The state of the art in microbial identification, a NASA requirement needed for crew health assessments, is DNA sequencing, which is also the gold standard. NASA has been using DNA sequencing to identify returned cultures since 2006. The development of small, portable sequencers has provided the ability to place the monitor at the point of sample collection. NASA has achieved this, but the sample preparation required to support the generation of sequence-ready DNA involves multiple piece parts and consumables and requires a significant amount of hands-on time.

 

The gap is the lack of available commercial-off-the-shelf (COTS) automated solutions for DNA extraction from low biomass samples through library preparation in support of nanopore sequencing.

 

The development of a fully automated solution would extend far beyond microbial motioning and would be of great value to the planetary protection community and space biology researchers within the spaceflight industry. Beyond spaceflight, this technology would make substantial contributions to health care settings.

Relevance / Science Traceability:

This scope is included under the Space Operations Mission Directorate (SOMD) (previously the Human Exploration and Operations Mission Directorate (HEOMD)).

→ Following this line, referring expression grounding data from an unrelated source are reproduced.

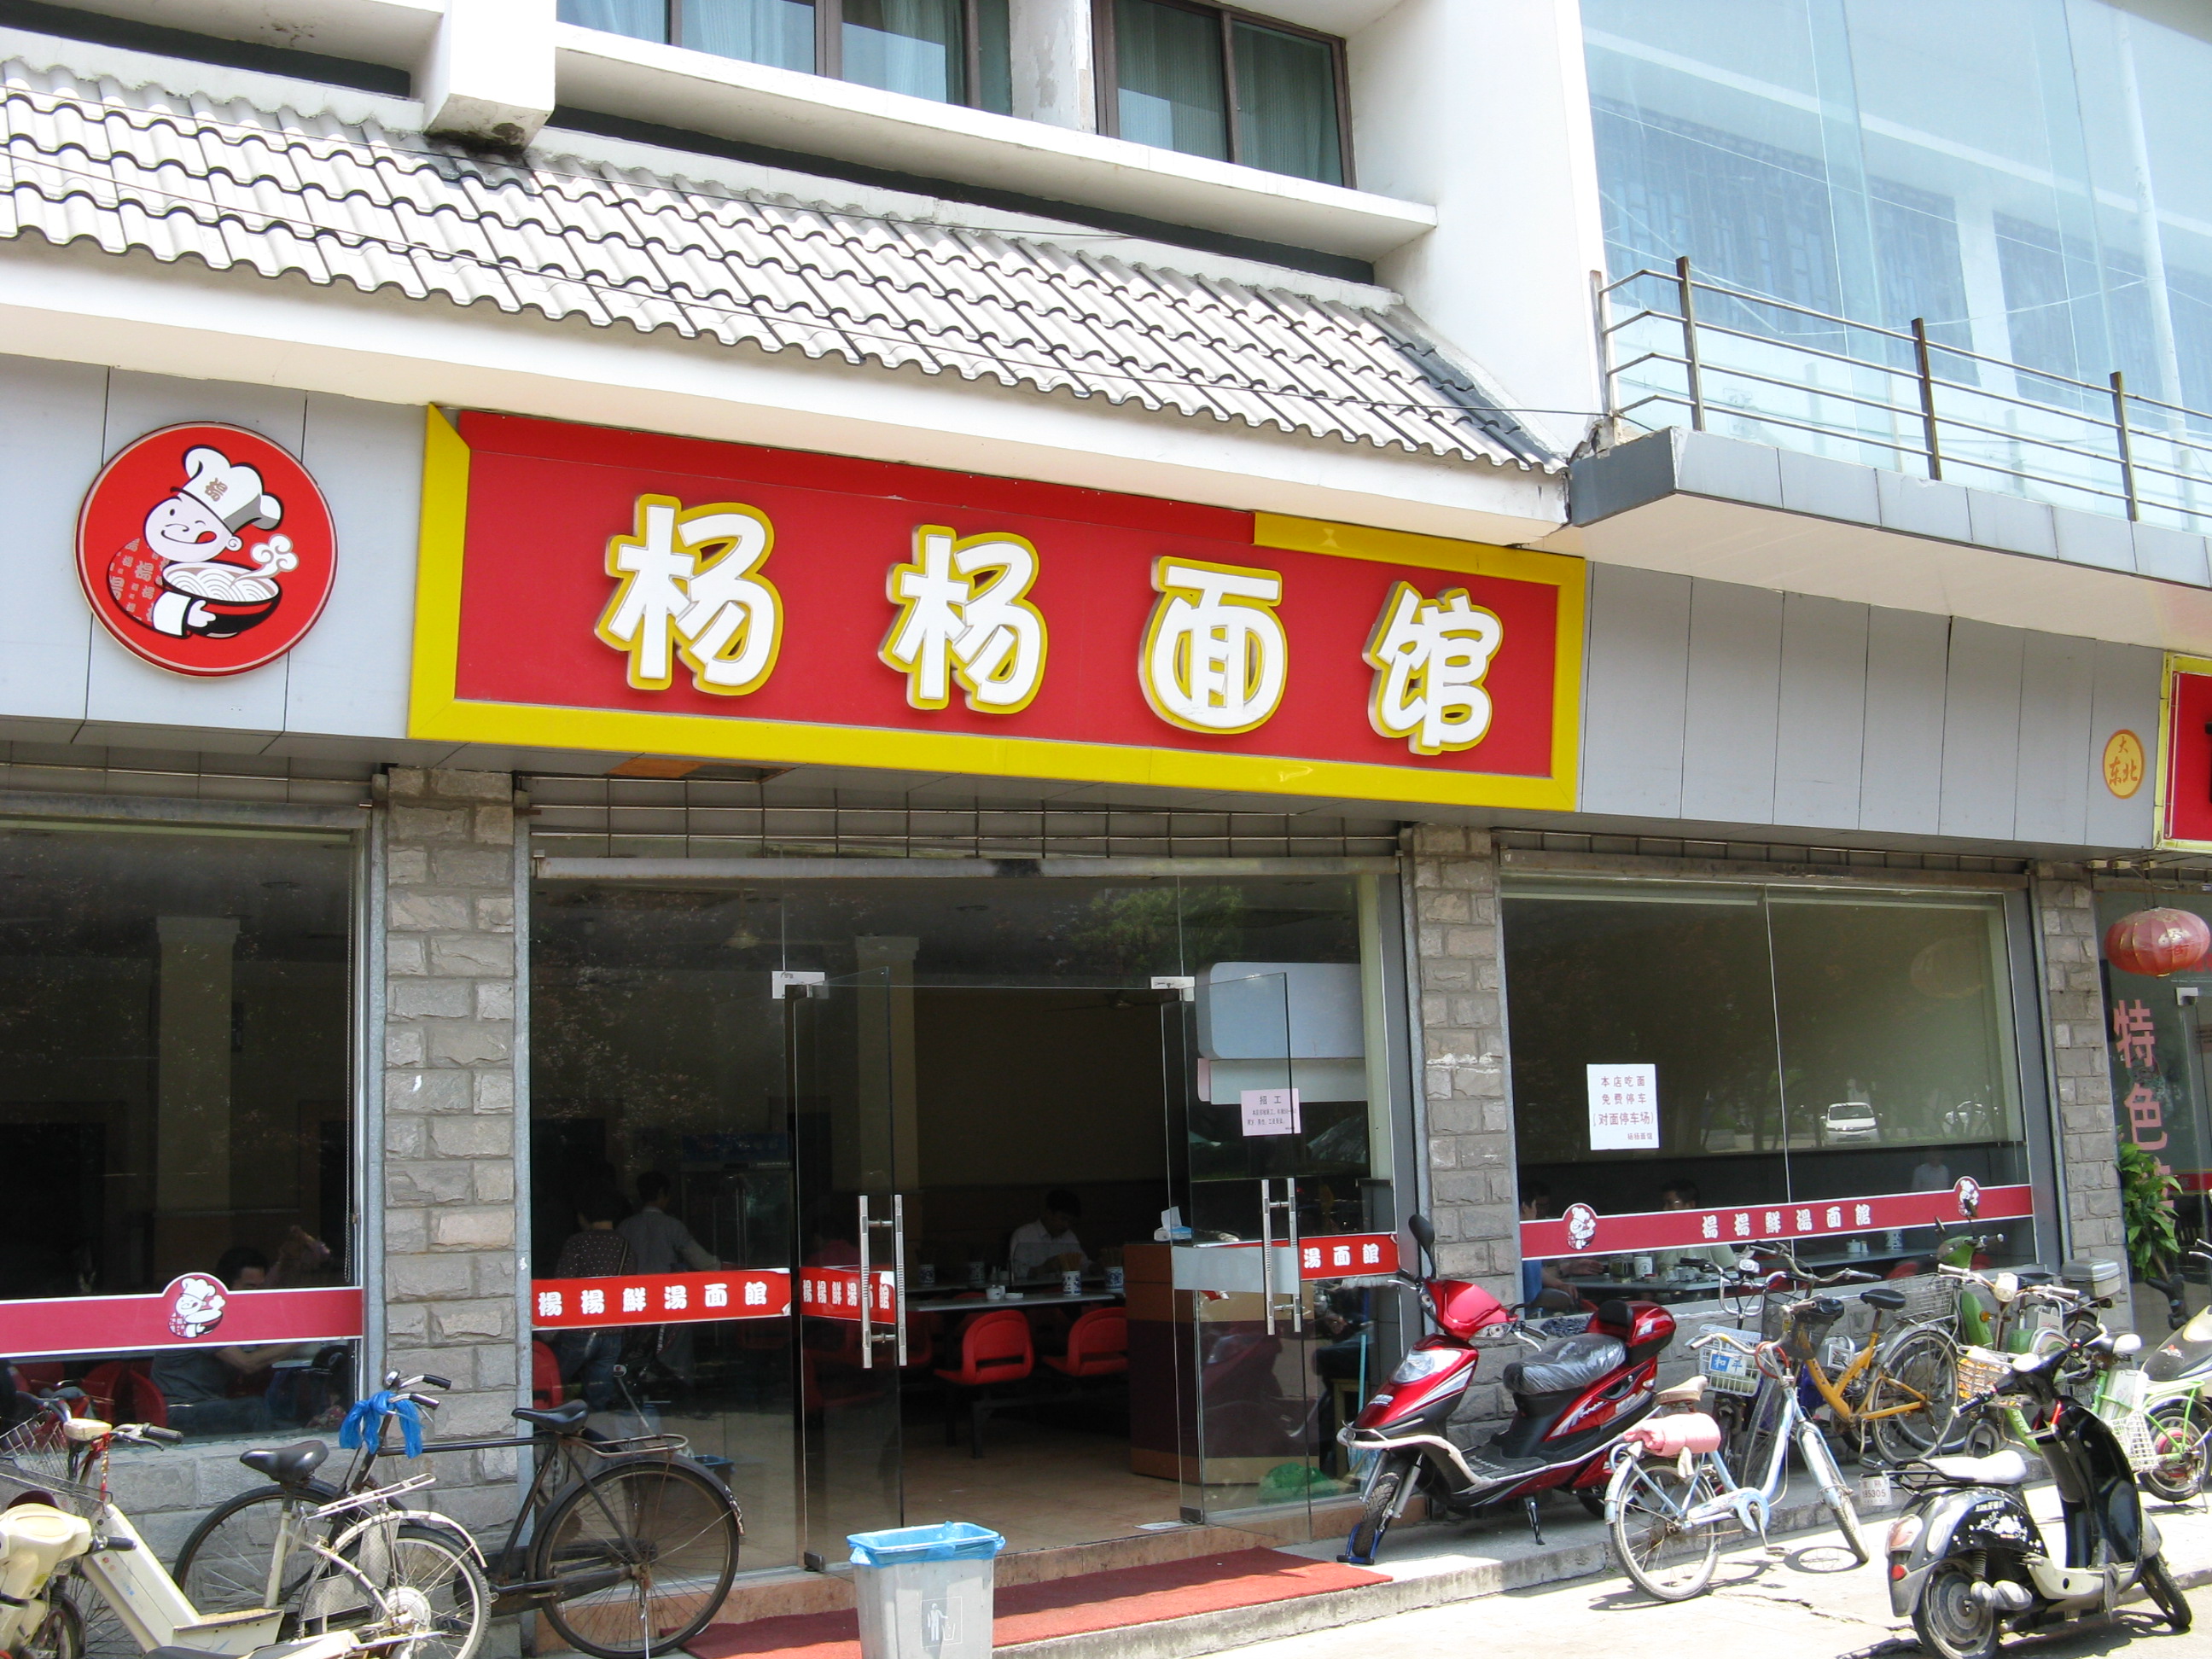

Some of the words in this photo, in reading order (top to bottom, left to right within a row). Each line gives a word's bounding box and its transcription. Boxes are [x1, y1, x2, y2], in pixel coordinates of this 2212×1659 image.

[595, 492, 1505, 756] 杨杨面馆
[1600, 1075, 1645, 1088] 本店吃面
[1260, 1095, 1283, 1106] 招工
[1602, 1093, 1647, 1105] 免费停车
[538, 1281, 767, 1318] 楊楊鮮湯面館
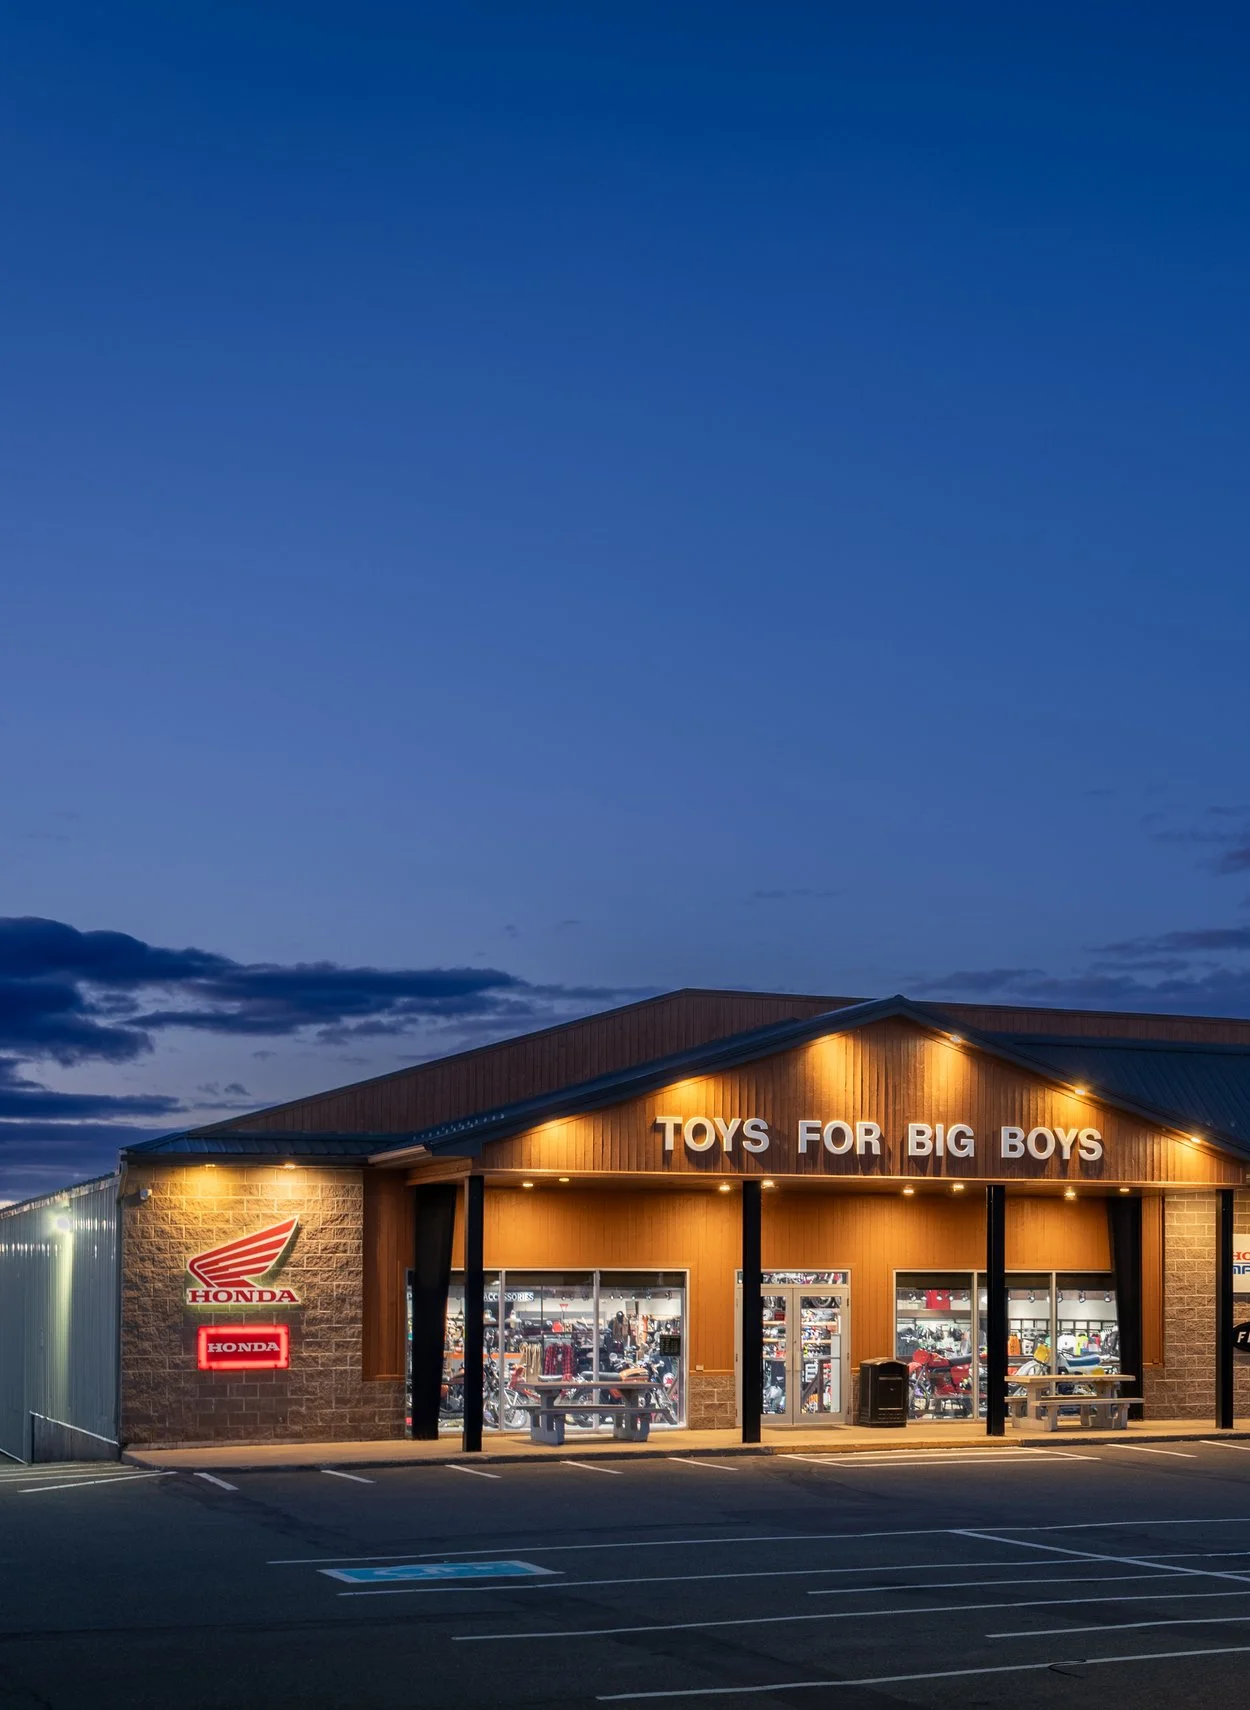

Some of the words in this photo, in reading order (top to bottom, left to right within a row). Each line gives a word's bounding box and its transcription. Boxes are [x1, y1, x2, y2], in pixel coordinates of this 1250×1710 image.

[656, 1116, 770, 1154] TOYS
[797, 1119, 881, 1156] FOR
[907, 1122, 975, 1157] BIG
[1000, 1125, 1104, 1162] BOYS
[188, 1289, 300, 1303] HONDA
[483, 1291, 535, 1302] ACCSSORIES
[207, 1342, 281, 1353] HONDA
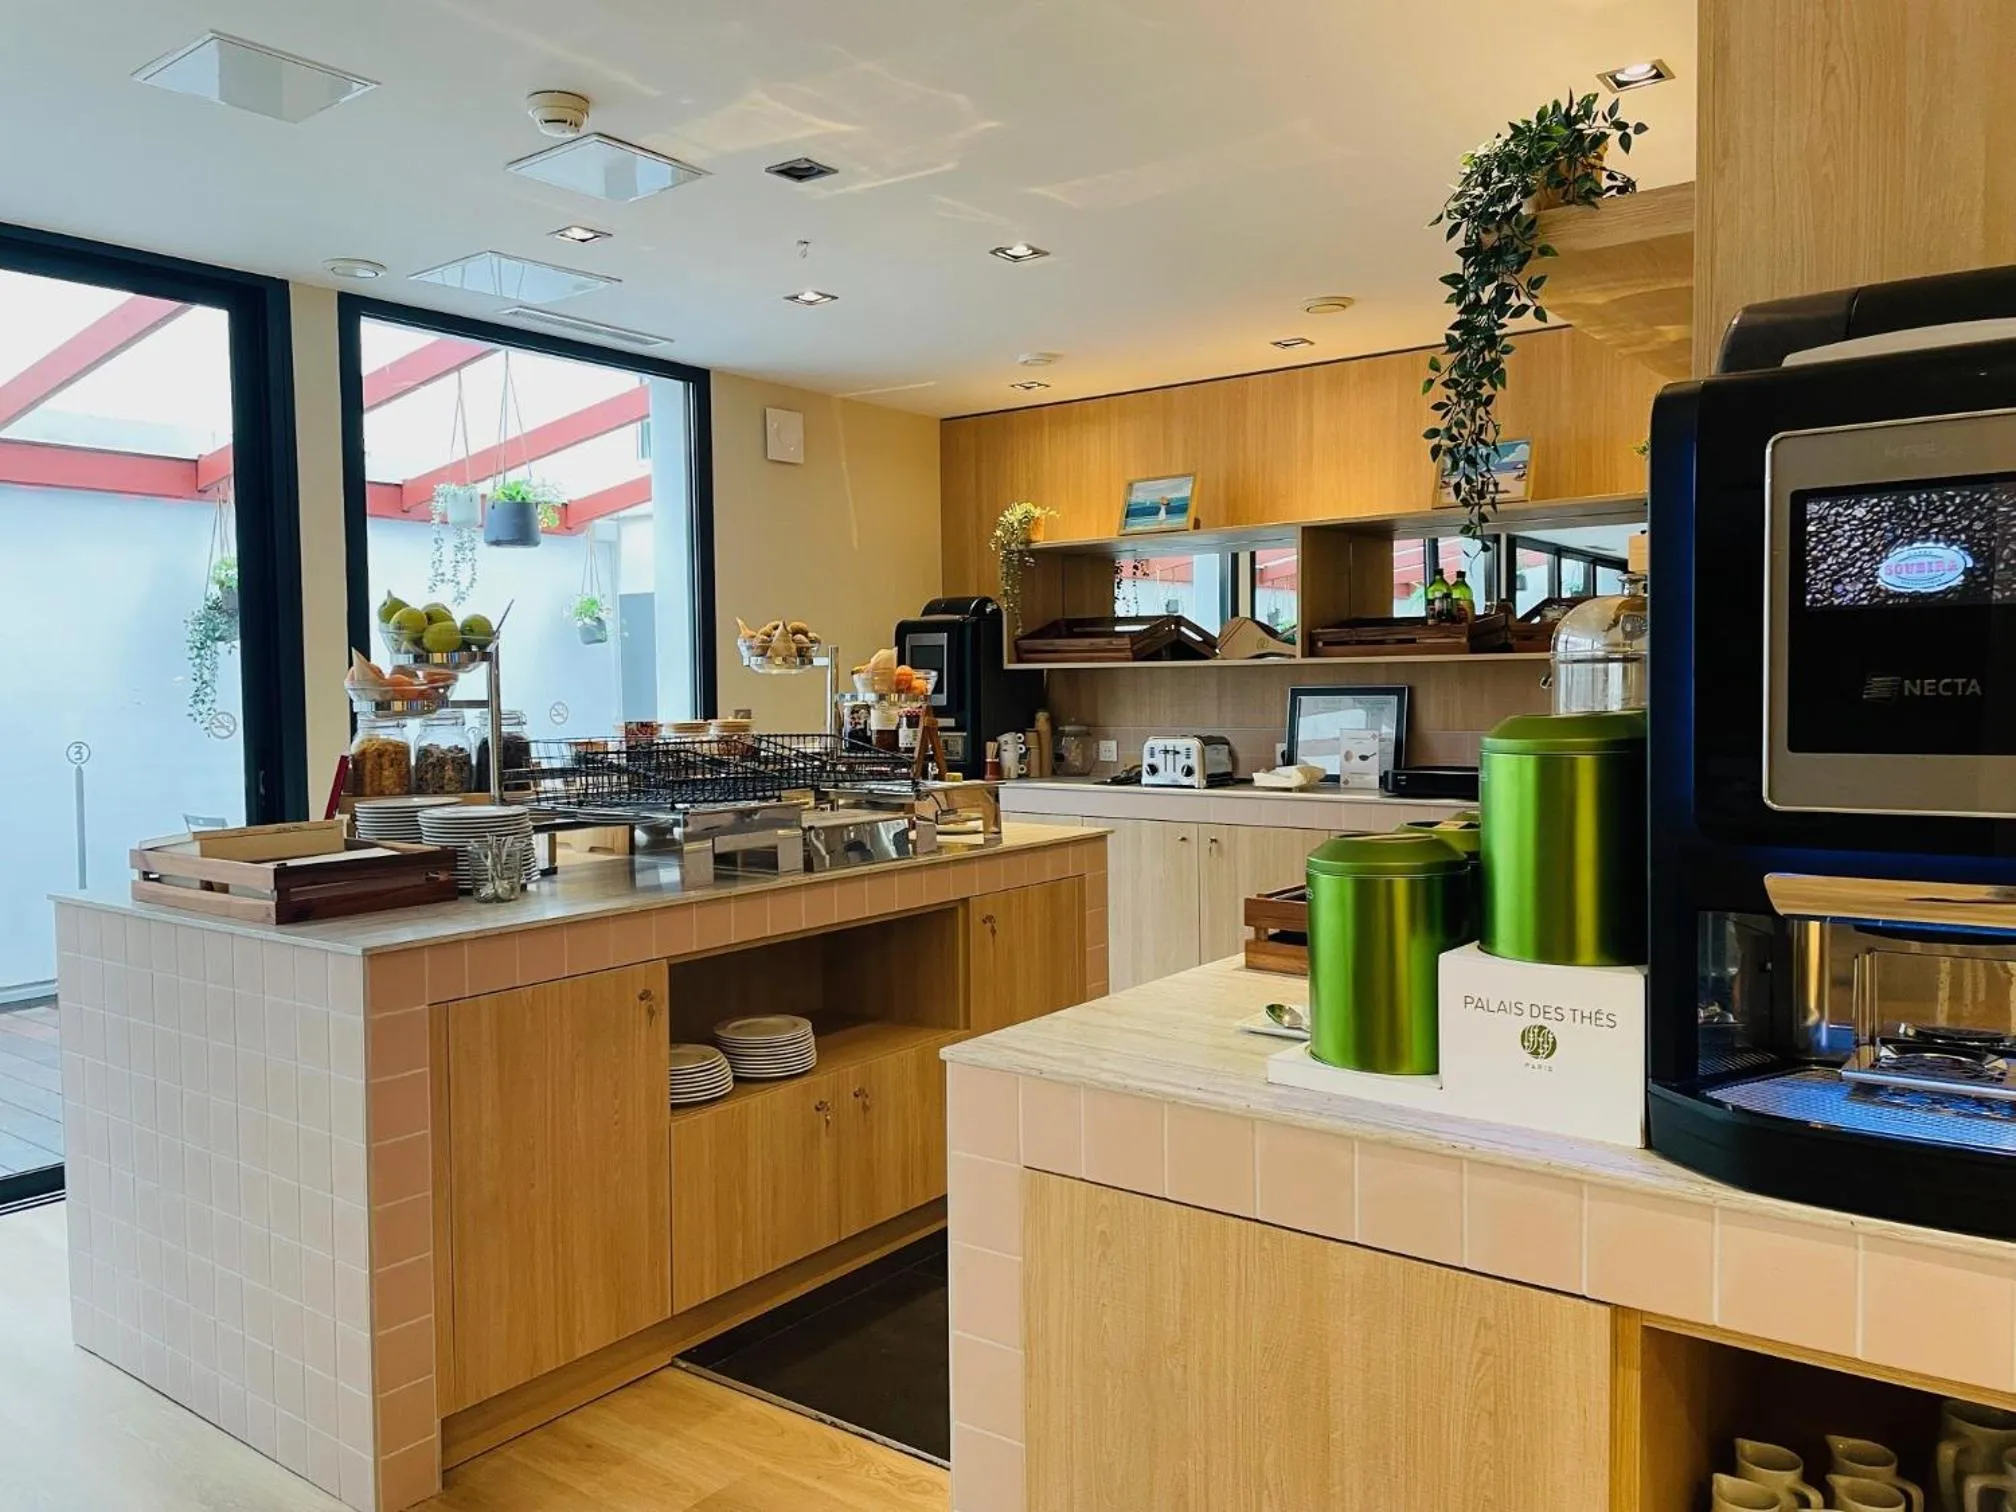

This work is needed to support Gateway and lunar microbial monitoring operations. While the focus of this work is directed toward the medical operations community within SOMD, including NASA’s international partners, it is extendable to all stakeholders with the goal of microbial analysis. These groups include, but are not limited to: OSMA, Planetary Protection Office, SMD-Planetary Sciences Division/Planetary Protection Research Program, the Human Research Program, AES Exploration Capabilities, space industry, academia, other government agencies, and SMD-Biological and Physical Sciences Division.

References:

  1. Castro-Wallace, S. L., Chiu, C. Y., John, K. K., Stahl, S. E., Rubins, K. H., McIntyre, A. B. R., Dworkin, J. P., Lupisella, M. L., Smith, D.J., Botkin, D. J., Stephenson, T. A., Juul, S., Turner, D. J., Izquierdo, F., Federman, S., Stryke, D., Somasekar, S., Alexander, N., Yu, G., Mason, C. E., and Burton, A. S. (2017) Nanopore DNA Sequencing and Genome Assembly on the International Space Station. Scientific Reports. 7:18022. Nanopore DNA Sequencing and Genome Assembly on the International Space Station | Scientific Reports (nature.com)
  2. Burton, A. S., Stahl, S. E., John, K. J., Jain, M., Juul, S., Turner, D. J., Harrington, E. D., Stoddart, D., Paten, B., Akeson, M., and Castro-Wallace, S. L. (2020) Off Earth Identification of Bacterial Populations Using 16S rDNA Nanopore Sequencing. Genes. 11(1), 76. Genes | Free Full-Text | Off Earth Identification of Bacterial Populations Using 16S rDNA Nanopore Sequencing (mdpi.com)
  3. Stahl-Rommel, S., Jain, M., Nguyen H. N., Arnold, R.R., Aunon-Chancellor, S. M.,  Sharp, G. M., Castro, C., John, K. K., Juul, S., Turner, D. J., Stoddart, D., Paten, B., Akeson, M., Burton, A. S., and Castro-Wallace, S. L. (2021) Real-Time Culture-Independent Microbial Profiling Aboard the International Space Station Using Nanopore Sequencing. Genes. 12(1), 106. Genes | Free Full-Text | Real-Time Culture-Independent Microbial Profiling Onboard the International Space Station Using Nanopore Sequencing (mdpi.com)
  4. NASA Standard 3001 - Requirements:  https://www.nasa.gov/hhp/standards
    1. New requirements have not been made publicly available, but can be provided upon selection.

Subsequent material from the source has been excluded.